Moslems suchen Ort für ihr Gebet
Moschee in Werdau: Auch leere Räume kann man nutzen
Werdau. Werdau. Ein Ort für das Gebet, eine Moschee, das wünschen sich viele der Moslems, die in Werdau seit Jahren zuhause sind. Einer von ihnen ist Mustafa Benai. Der heute 42-Jährige kam vor 18 Jahren aus Algerien in die Pleißestadt. Er ist mit einer deutschen Frau glücklich und betreibt seit vielen Jahren einen Gemüsehandel in der August-Bebel-Straße. Nur einen Ort, an dem er seine Religion ausüben kann, hat der Gewerbetreibende nicht.
"In Werdau gibt es viele Gotteshäuser verschiedener Religionen und Glaubensrichtungen. Aber eine Moschee fehlt", meint Mustafa Benai. Seine Glaubensbrüder fahren vor allem zum Freitagsgebet ins vogtländische Plauen, um sich in Richtung der Geburtsstadt des Propheten und Religionsstifters Mohammed zu verneigen. Dort gibt es seit Januar dieses Jahres eine Moschee, die in einer ehemaligen Gaststätte eingerichtet wurde.
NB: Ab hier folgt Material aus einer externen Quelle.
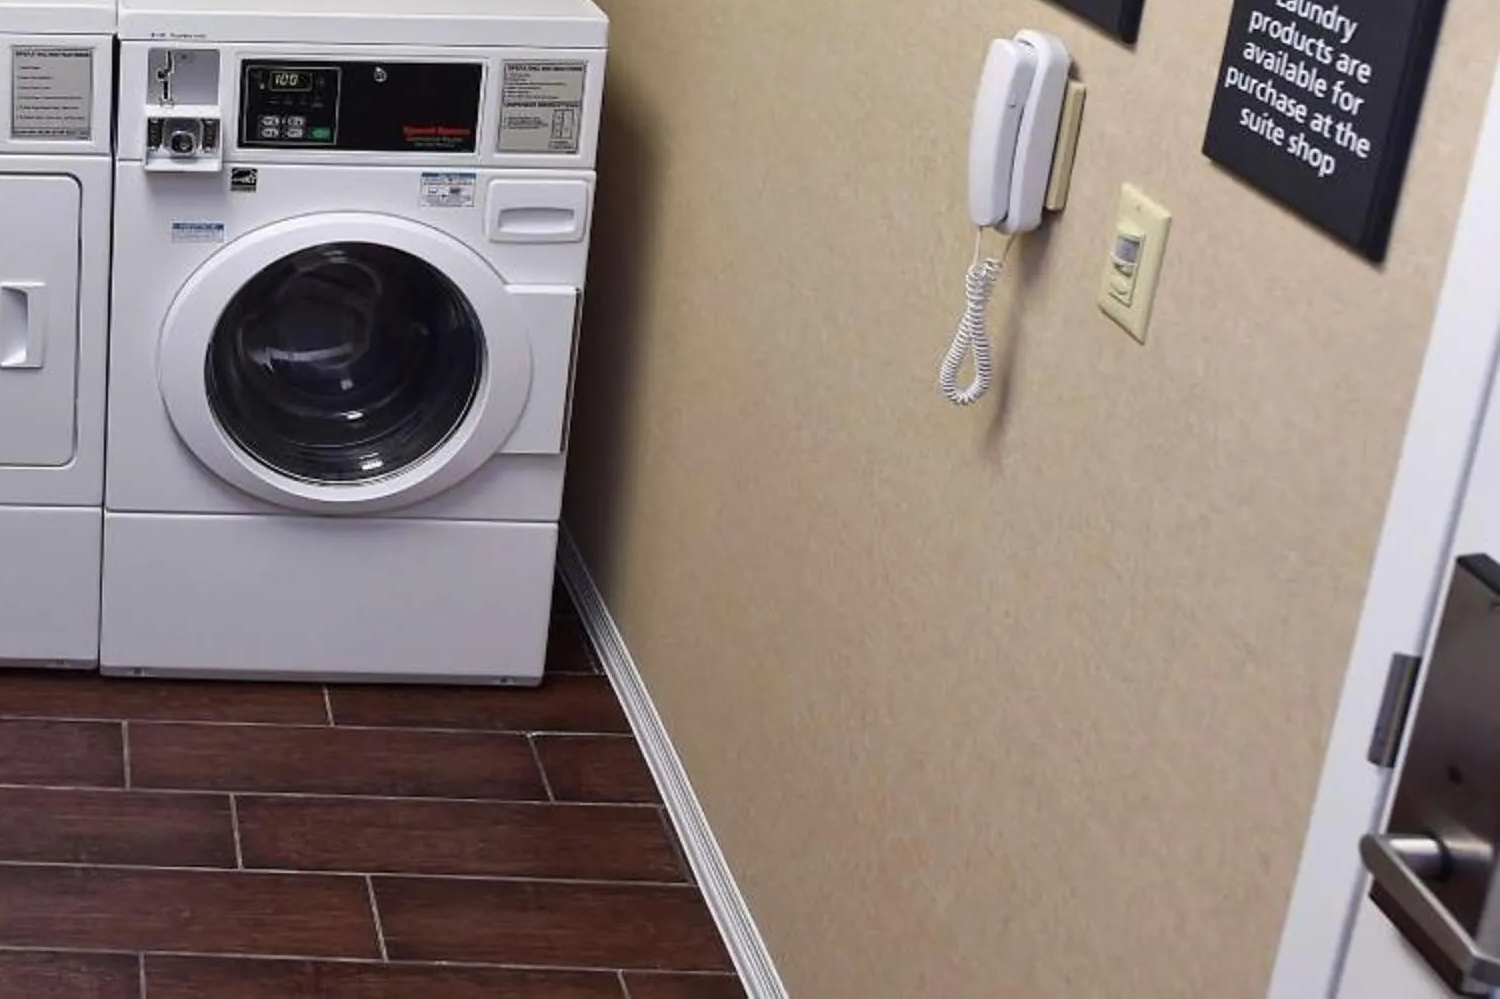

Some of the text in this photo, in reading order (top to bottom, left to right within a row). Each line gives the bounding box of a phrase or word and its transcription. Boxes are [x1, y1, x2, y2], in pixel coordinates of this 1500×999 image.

[1243, 40, 1364, 116] available for
[1248, 9, 1372, 84] products are
[1224, 65, 1371, 158] purchase at the
[1239, 106, 1336, 178] suite shop
"Es muss auch hier kein Neubau sein. Uns würde es reichen, wenn wir leer stehende Räumlichkeiten in zentraler Lage nutzen könnten", sagt der Algerierer, der die Zahl seiner hiesigen Glaubensbrüder aus Indien, Afghanistan, dem arabischen Raum, auf rund 50 schätzt. Genauere Angaben kann auch die Ausländerbehörde des Landratsamtes aus datenschutzrechtlichen Gründen nicht machen.
In der Stadt Werdau hat man keine Vorbehalte gegenüber den Moschee-Plänen, sagte der Pressesprecher im Rathaus, André Kleber. "Wenn die Sache konkreter wird, können wir überlegen, wie wir uns einbringen." Grundsätzlich nichts gegen einen Bau hat auch der Pfarrer der evangelisch-lutherischen Kirchgemeinde, Christian Richter. Aber ob das seit Langem zum Verkauf stehende Lutherhaus in der Uferstraße geeignet sei, könne er nicht ohne weiteres beantworten. Darüber müsste sowieso der Kirchenvorstand beraten.